One of the reasons for concern is that there is a close tie between GDP growth and technology innovation which is related to an educated workforce.

The alarm bells have been rung but it is unclear if the US has the leadership and will to regain its leadership position.

WAVE Comments

In looking at the big picture, Ray Kurzweil constructed a compelling picture of the evolution of technology and how progress is unrelenting. But, there is an even more important observation to draw – relentless change makes technologies and organizations which are dependent on them obsolete at the same pace. The Internet bubble of 2000 – 2002 is the digital Mesozoic Era which killed the dinosaurs of a pre-historic digital time. History has shown that evolution periodically cleanses the environment of species and obsolete life forms (e.g. technologies and companies).

If there was a constant over the two days of the Emerging Technologies Conference it was instability. The water of innovation sought its own level in disruption. Ultimately disruption impacts companies. Edward J. Zander, Chairman and CEO, Motorola stated: The time to make radical business changes is when the business is at its peak not when it is under assault.

One of the saddest parts directly relates to the US. Our leadership in technology is being disrupted. The WAVE sees this on a continuous basis in wireless. The Klaxons went off at the Emerging Technologies Conference in education – the life blood of sustaining innovation. Overcoming these issues takes leadership and there no signs of this emerging anytime soon.

Technology progress, in isolation, was less important than creating paradigm shifts. It was interesting that Intel and Nicholas Negroponte agreed on the importance of bringing computing to emerging countries but the solution was radically different.
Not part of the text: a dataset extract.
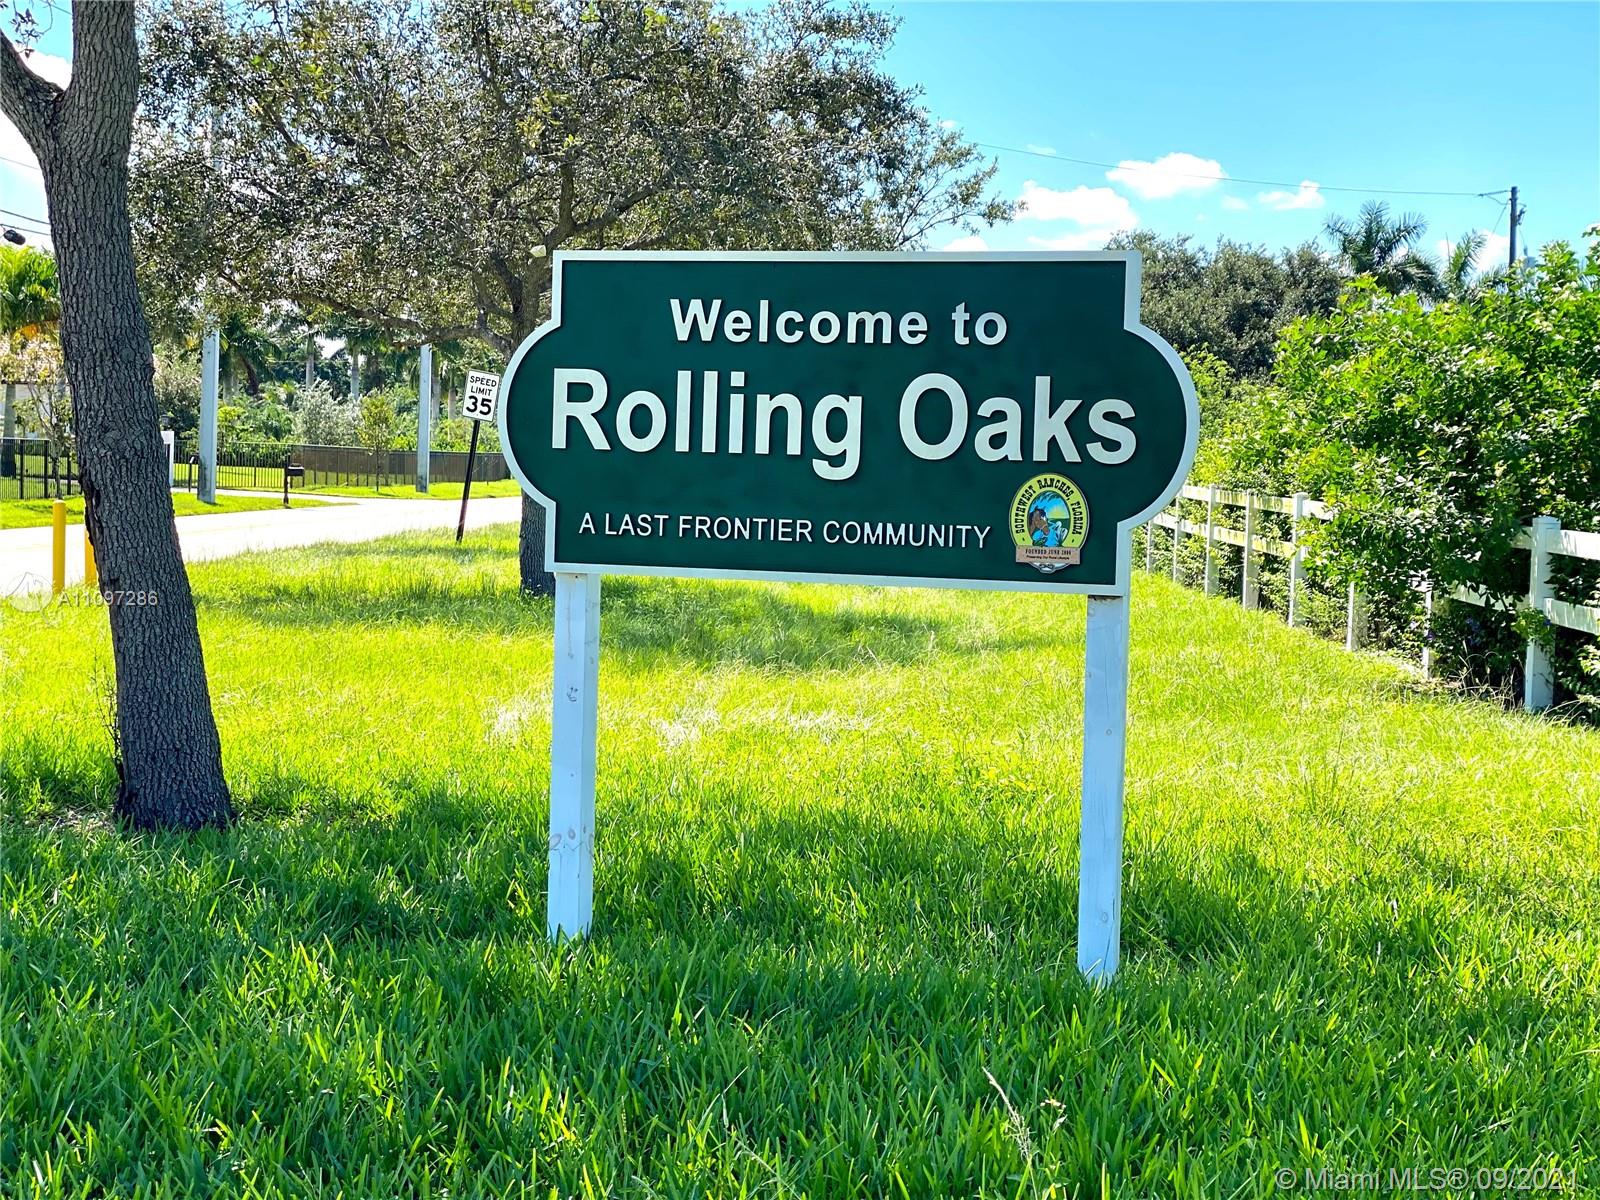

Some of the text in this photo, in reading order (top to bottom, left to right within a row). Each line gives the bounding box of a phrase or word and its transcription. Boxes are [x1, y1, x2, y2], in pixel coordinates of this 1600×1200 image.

Intel was about fine tuning its normal ways of doing business. The MIT Media Lab was about going into the business of making laptops at very low prices. Another very different example was that Motorola was not concerned about which 3G technology wins but how it can be network agnostic to implement seamless mobility.

One tidbit, which could ultimately be the largest force for effectiveness in emerging countries, was the presence of Google on the MIT team. It may ultimately be that the use of open source on the OLPC (one laptop per child) is much less important than the rethinking of how educational material can be delivered – this is what Google can bring.